## PROBLEM DETAILS
Output the data below exactly, images excluded.

[Saved entries]
╔══

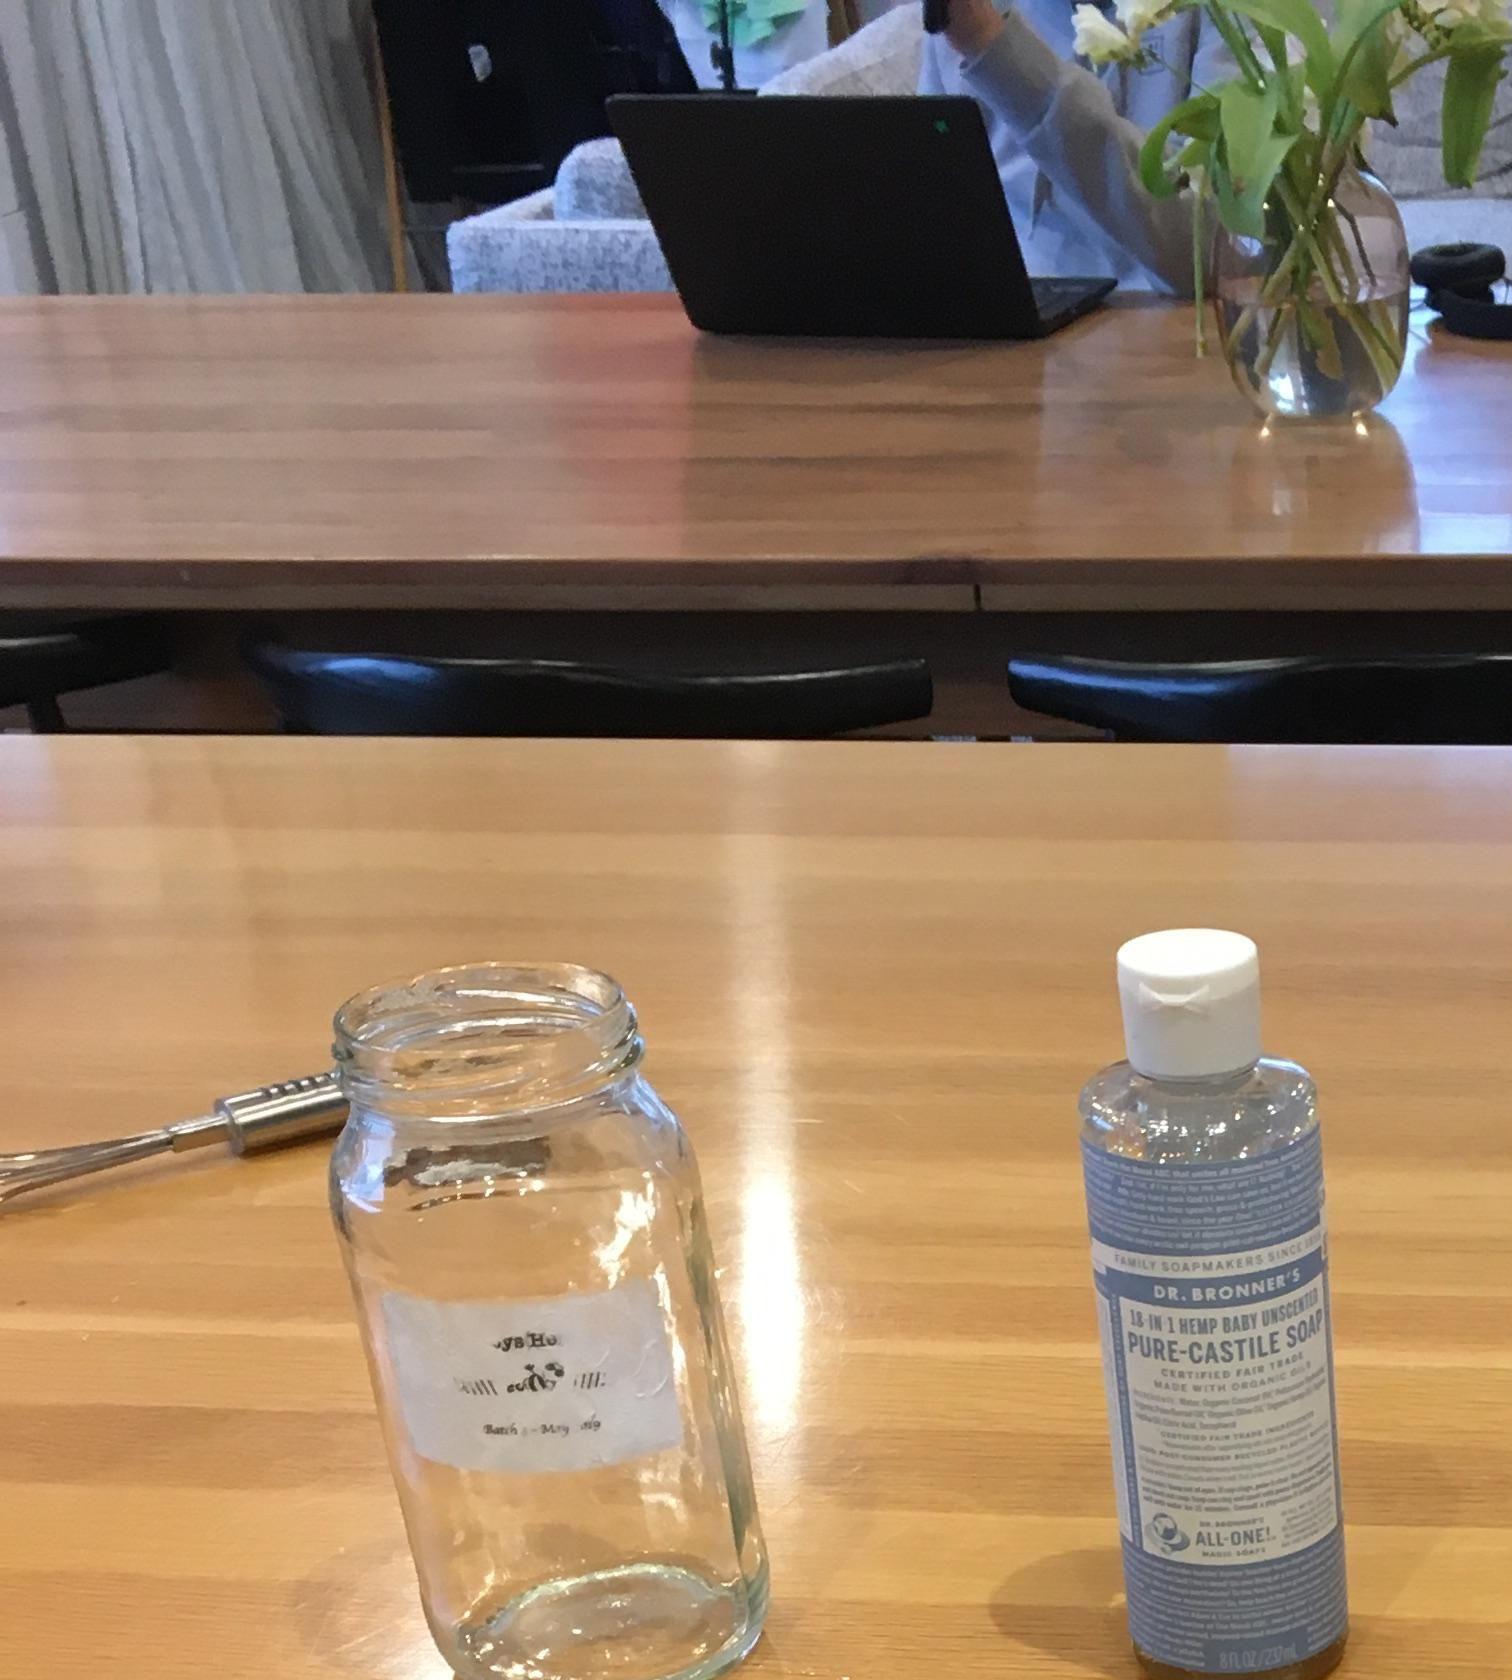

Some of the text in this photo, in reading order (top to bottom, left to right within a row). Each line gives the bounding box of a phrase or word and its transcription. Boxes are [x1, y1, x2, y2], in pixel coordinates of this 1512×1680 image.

[1114, 1241, 1302, 1272] FAMILY SOAPMAKERS SINCE
[1153, 1267, 1300, 1303] DR. BRONNER'S
[1178, 1317, 1218, 1335] HEMP
[1222, 1311, 1258, 1334] BABY
[1261, 1287, 1318, 1328] UNSCENTED
[1128, 1308, 1322, 1364] PURE-CASTILE SOAP
[1160, 1351, 1304, 1379] CERTIFIED FAIR TRADE
[1154, 1379, 1188, 1393] MADE
[1192, 1384, 1226, 1393] WITH
[1231, 1372, 1286, 1391] ORGANIC
[1195, 1526, 1271, 1547] ALL-ONE!

╚══

## EXPECTED ANSWER
Some of the text in this photo, in reading order (top to bottom, left to right within a row). Each line gives the bounding box of a phrase or word and its transcription. Boxes are [x1, y1, x2, y2], in pixel coordinates of this 1512×1680 image.

[1114, 1241, 1302, 1272] FAMILY SOAPMAKERS SINCE
[1153, 1267, 1300, 1303] DR. BRONNER'S
[1178, 1317, 1218, 1335] HEMP
[1222, 1311, 1258, 1334] BABY
[1261, 1287, 1318, 1328] UNSCENTED
[1128, 1308, 1322, 1364] PURE-CASTILE SOAP
[1160, 1351, 1304, 1379] CERTIFIED FAIR TRADE
[1154, 1379, 1188, 1393] MADE
[1192, 1384, 1226, 1393] WITH
[1231, 1372, 1286, 1391] ORGANIC
[1195, 1526, 1271, 1547] ALL-ONE!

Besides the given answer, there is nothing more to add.